IKLAN IKLAN

Anak Durhaka! Bantai Ibu Kandung Hingga Tewas di Madina

Suasana rumah duka ibu dibantai anak di Mandailing Natal. (Ist/Sumutpost.id)

MADINA, Sumutpost.id – Warga Desa Huta Toras, Kecamatan Pakantan, digemparkan dengan penemuan jasad seorang wanita lanjut usia yang tewas mengenaskan di dalam rumahnya, Kamis pagi (31/7/2025) kemarin.

Korban diketahui bernama Suharni (61), dan diduga kuat menjadi korban kekerasan oleh anak kandungnya sendiri berinisial ZN (32).

Menurut keterangan saksi di lapangan, insiden memilukan ini terungkap setelah terduga pelaku muncul di sebuah warung kopi dalam kondisi penuh darah. Dengan wajah pucat dan tubuh gemetar, ZN disebut-sebut mengaku telah membunuh ibunya sendiri.

BACA JUGA..  Judi Dadu dan Tembak Ikan di Simpang Ergaji Kecamatan Merek Bebas Beroprasi, Polres Karo Diminta Bertindak

“Tolong bang, ibu saya sudah meninggal, darahnya di mana-mana di rumah,” ucap ZN, seperti dituturkan salah seorang warga.

Mendengar pengakuan mengejutkan itu, sejumlah warga langsung menuju rumah korban. Setibanya di lokasi, mereka menemukan Suharni dalam kondisi tidak bernyawa, tergeletak bersimbah darah dengan luka menganga yang diduga akibat benda tajam.

“Kami lihat korban sudah tidak bergerak, ada banyak luka terbuka.
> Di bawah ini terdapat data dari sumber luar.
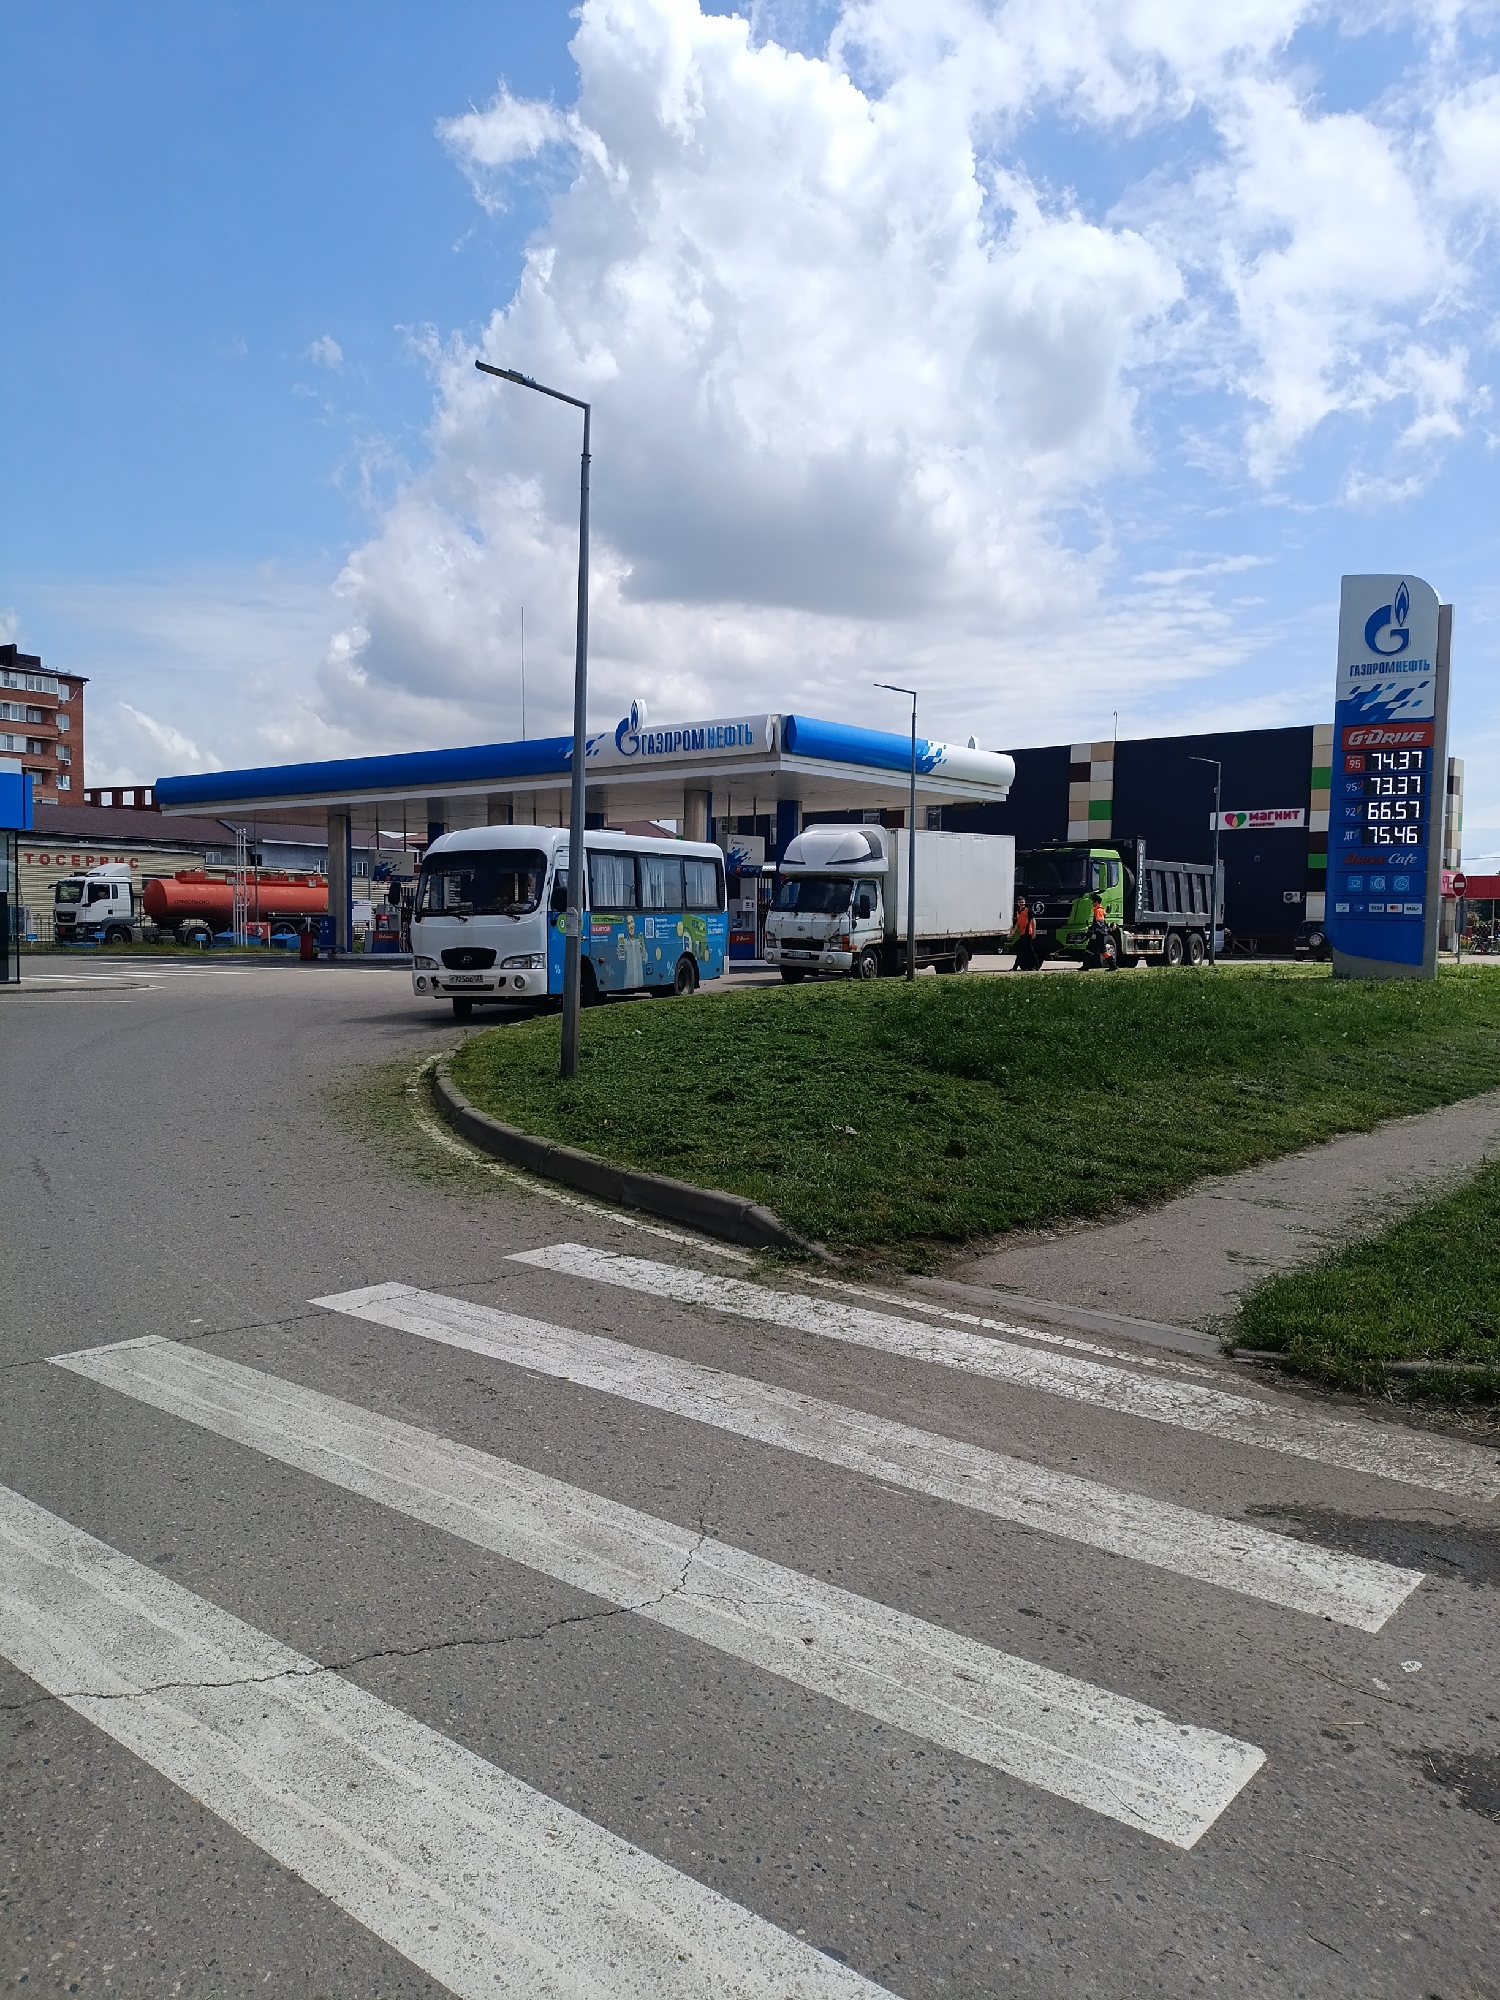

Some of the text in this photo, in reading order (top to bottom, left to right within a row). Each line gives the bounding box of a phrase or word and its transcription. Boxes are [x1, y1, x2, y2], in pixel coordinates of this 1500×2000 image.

[1349, 659, 1431, 677] ГАЗПРОМНЕФТЬ
[641, 723, 754, 756] ГАЗПРОМНЕФТЬ
[1349, 751, 1423, 770] 95 74.37
[1346, 775, 1421, 796] 95 73.37
[1345, 800, 1420, 820] 92 66.57
[1343, 825, 1418, 845] ДТ 75.46
[1388, 852, 1418, 866] Cafe
Situasinya benar-benar mengerikan,” ungkap seorang warga via sambungan telepon.

BACA JUGA..  Ratusan Emak-Emak Gerebek Pondok Sarang Narkoba di Madina

Pihak kepolisian dari Polres Mandailing Natal telah turun ke lokasi untuk melakukan penyelidikan lebih lanjut. Kapolres Madina, AKBP Arie Sopandi Paloh, melalui Plt Kasi Humas Iptu Bagus Seto, membenarkan kejadian tragis ini.
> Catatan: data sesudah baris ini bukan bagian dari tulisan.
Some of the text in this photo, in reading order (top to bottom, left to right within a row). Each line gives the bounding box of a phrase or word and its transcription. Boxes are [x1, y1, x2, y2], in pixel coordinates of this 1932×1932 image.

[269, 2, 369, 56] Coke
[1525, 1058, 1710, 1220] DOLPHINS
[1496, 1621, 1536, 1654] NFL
“Benar, ada temuan seorang perempuan dalam kondisi meninggal dunia dan bersimbah darah di rumahnya di Desa Huta Toras,” ujar Iptu Bagus.

Namun, ia belum dapat memberikan keterangan rinci terkait motif maupun kronologi pasti kejadian. Kasus ini saat ini masih dalam proses pendalaman oleh tim penyidik.

BACA JUGA..  Laporan Pergeseran APBD Sumut 6 Kali Diselidiki Ditkrimsus Polda Sumut, Riki Irawan SH MH: Para Pihak Harus Dipanggil

“Kami masih bekerja di lapangan. Untuk informasi detailnya akan kami sampaikan setelah proses penyelidikan lebih lanjut,” imbuhnya.

Peristiwa ini menyisakan duka mendalam sekaligus kekhawatiran di tengah masyarakat setempat. Warga berharap agar aparat penegak hukum bisa segera mengungkap motif di balik peristiwa berdarah ini serta menindak tegas pelaku sesuai hukum yang berlaku. (msp)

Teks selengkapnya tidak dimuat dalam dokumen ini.